(Beginning of Records provided)

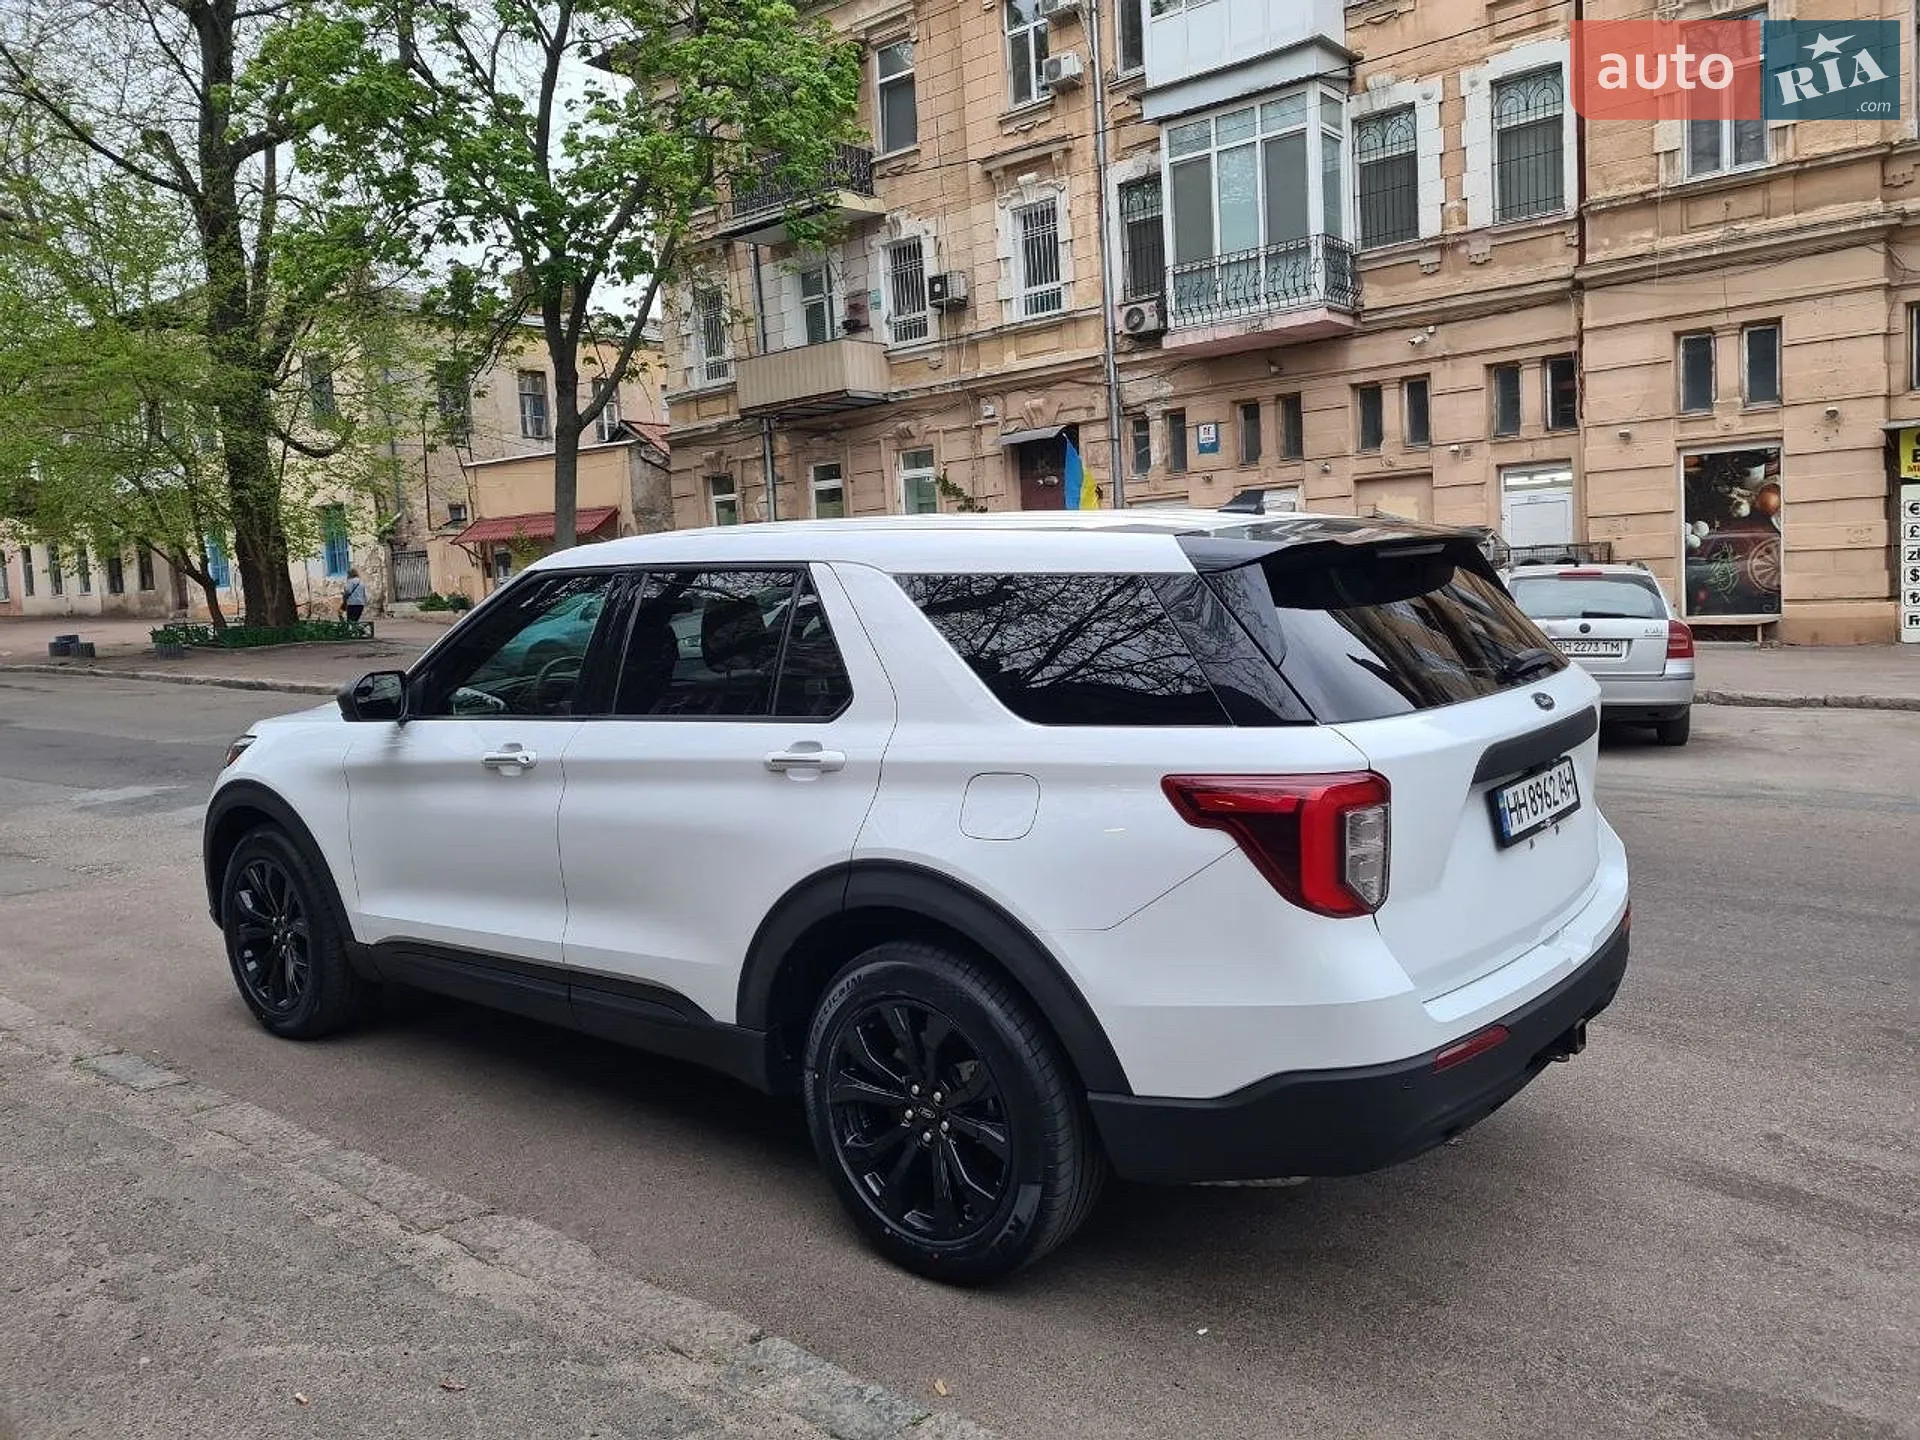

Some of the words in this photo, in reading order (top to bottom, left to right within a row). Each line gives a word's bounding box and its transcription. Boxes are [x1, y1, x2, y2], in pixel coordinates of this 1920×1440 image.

[1909, 568, 1920, 583] $
[1573, 641, 1600, 652] 2273
[1602, 641, 1620, 652] TM
[1528, 776, 1559, 816] 8962

(End of Records provided)

=== Task brief ===
Restate the preceding entries in full, word for word, with the pictures removed.

=== Solved exercise ===
Some of the words in this photo, in reading order (top to bottom, left to right within a row). Each line gives a word's bounding box and its transcription. Boxes are [x1, y1, x2, y2], in pixel coordinates of this 1920×1440 image.

[1909, 568, 1920, 583] $
[1573, 641, 1600, 652] 2273
[1602, 641, 1620, 652] TM
[1528, 776, 1559, 816] 8962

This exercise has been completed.